We are at a crossroads in the UK and on a global basis: the world has woken up to the detrimental impact that we are having on the planet and recognises that it is time to act.
Unfortunately there will always be a balance of commerciality versus morals and ethics and insurers and brokers are entities who need to make a living to survive. We believe the debate at the moment is how they balance the two off against one another. How can insurers make money whilst advancing environmental agenda and, at the same time, making sure that we hit our carbon neutral targets? Is timber currently a commercially viable option in the sense of finding a price point that is acceptable to all parties and that makes this work for everyone? We believe that this is one of the key challenges at the moment. The experience for brokers is in finding the middle ground, where, at present, insurance for timber projects is expensive; yet developers are saying, to a level that they have never said before, that they want to build in timber, unless there really is a reason why they can’t. We believe that insurers understand that the need to build in timber is greatly increased compared to what it was two years ago, therefore a solution needs to be found that works for both parties. This will require that the right measures and the right protections are put in place to make timber developments as safe as possible, so that insurers can deliver a price and that it can be built into a model that can be commercially viable for everyone.

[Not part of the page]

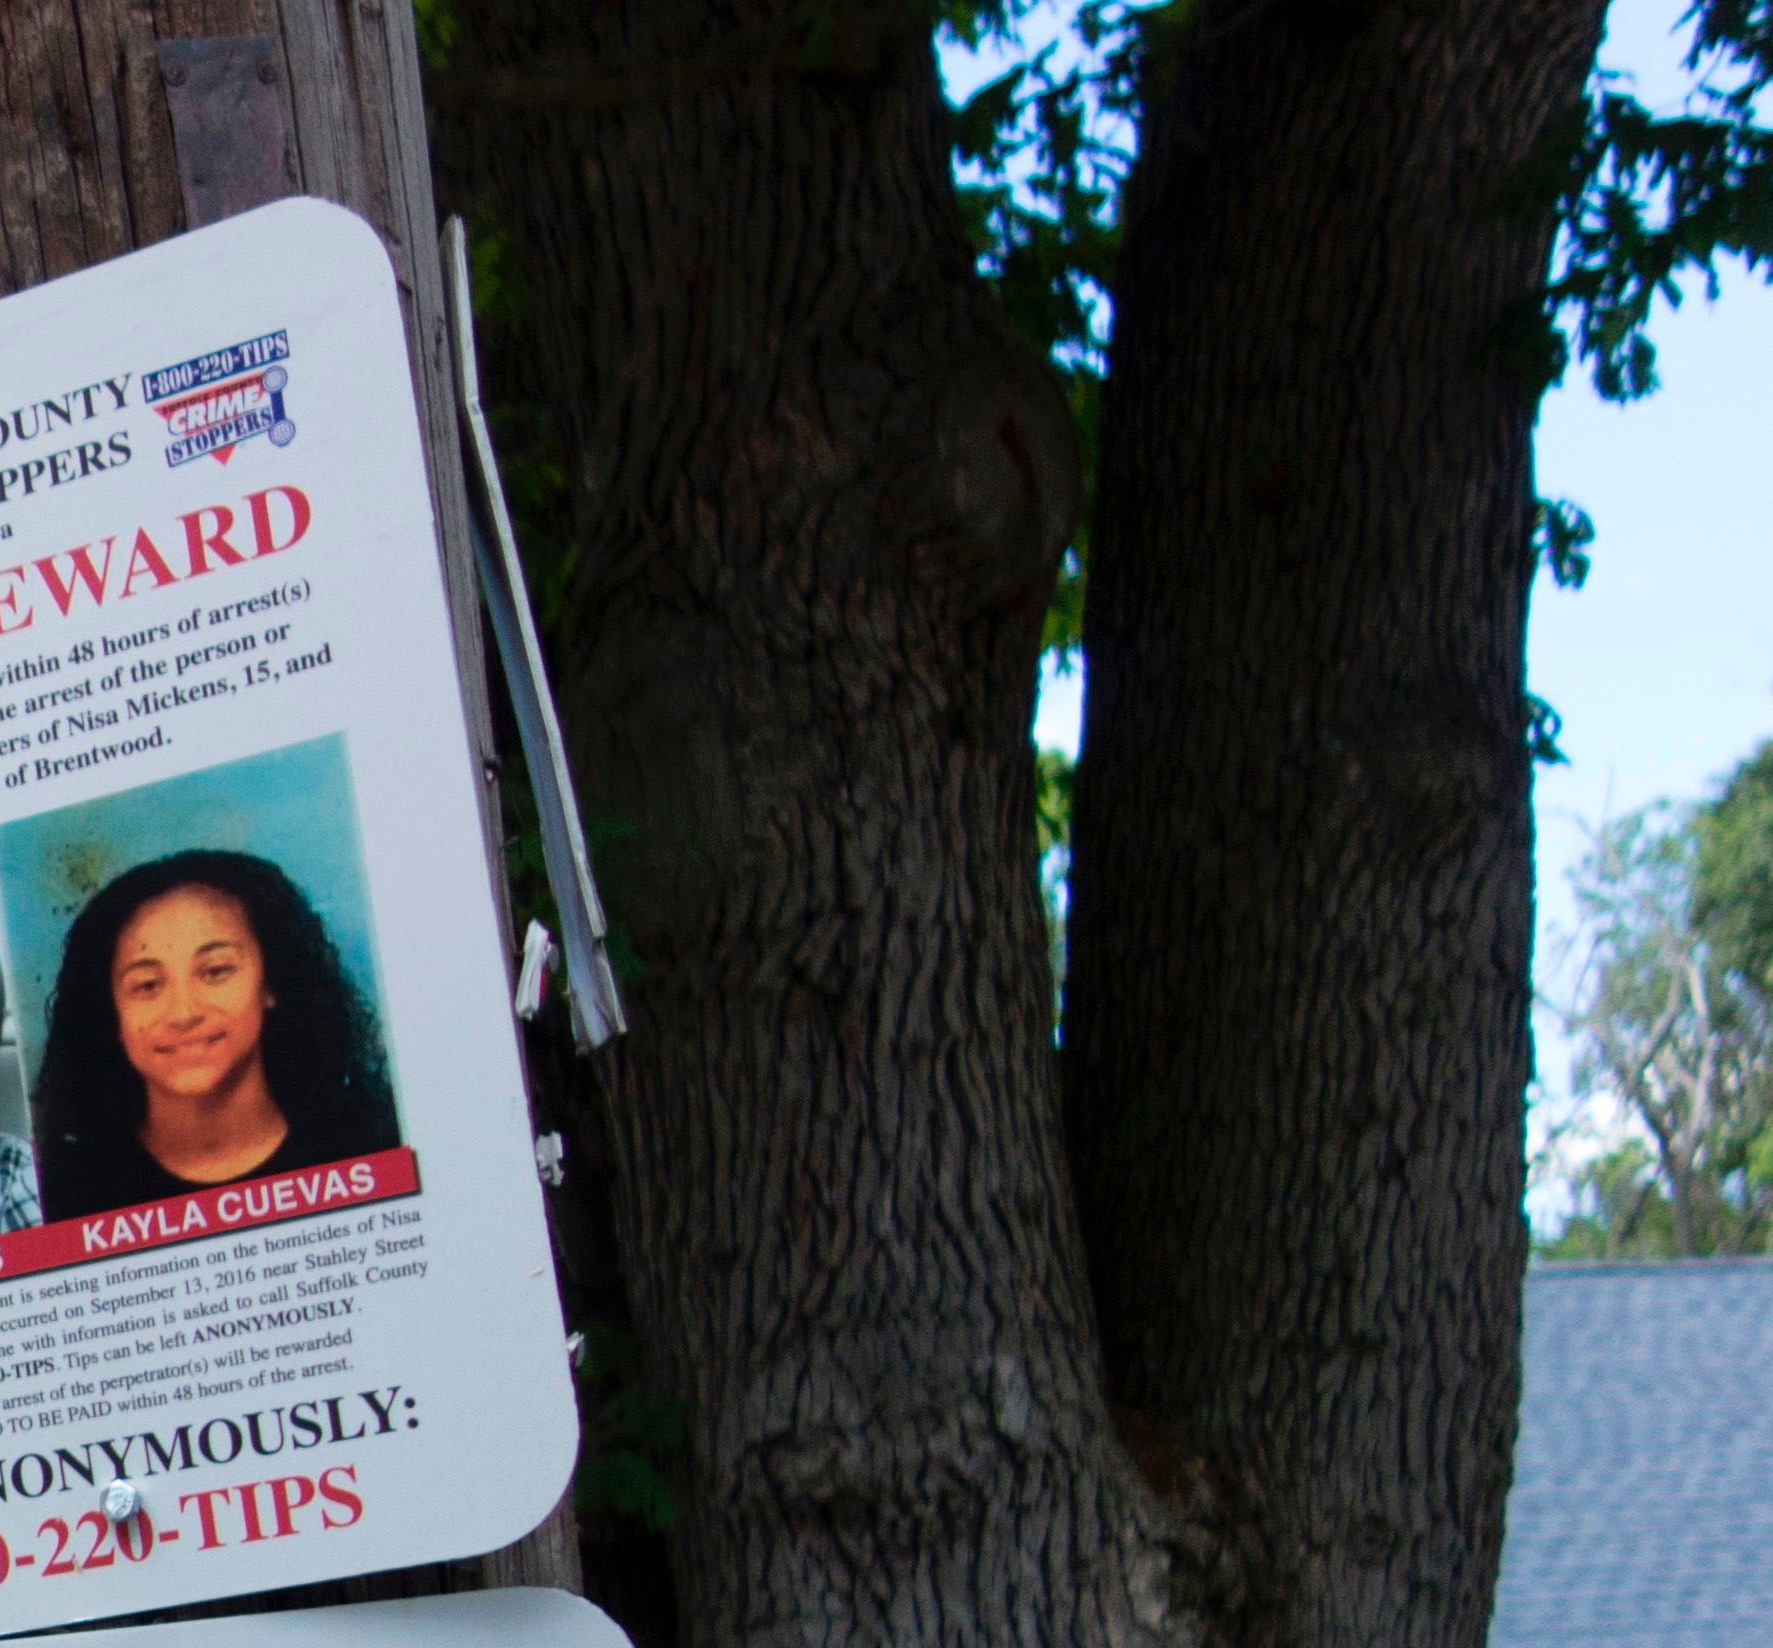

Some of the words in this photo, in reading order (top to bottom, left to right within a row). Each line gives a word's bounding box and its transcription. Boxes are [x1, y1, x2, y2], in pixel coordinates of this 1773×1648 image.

Looking at the global approach to the use of engineered wood systems, outside of the UK, there is a robust industry in other countries from North America, to Scandinavia, through central Europe to Australia. As insurance is a global industry, there is certainly something to be learned from other countries insurers’ experience and the performance of buildings they cover. With the focus now on rebuilding the economy and to mitigate the future risk of climate change, the Time for Timber campaign is central to starting the dialogue between the construction industry and those that insure buildings, from site to completion, and beyond.
This dialogue has continued with the RISCAuthority circulating its Building System Questionnaire: Massive Timber System in high-rise applications. The proposed use of engineered wood systems in high-rise construction is understood to offer significant advantages in terms of cost and sustainability but, as a novel building method, presents challenges for those asked to insure them. The questionnaire seeks to elicit information that could be useful in engaging with insurers and focusses on the known sensitivities of wood as a structural building material to the insurance perils of fire, and water exposure. The questionnaire has been developed by insurers through the RISCAuthority scheme. It is important to understand that ‘compliance’ with building codes is the assumed starting point (covering life-safety); the questions ask for details of the consideration given to the protection of the building and the business(es) conducted within it, and the mitigations proposed together with supporting evidence that will increase resilience. These are early days, but it is hoped that the learnings gained from the questionnaire will highlight the topics that insurers want to talk about and want to understand in order to bring constructors and insurers closer together to allow the increased use of engineered wood systems to meet the UK Government’s commitment to net zero by 2050.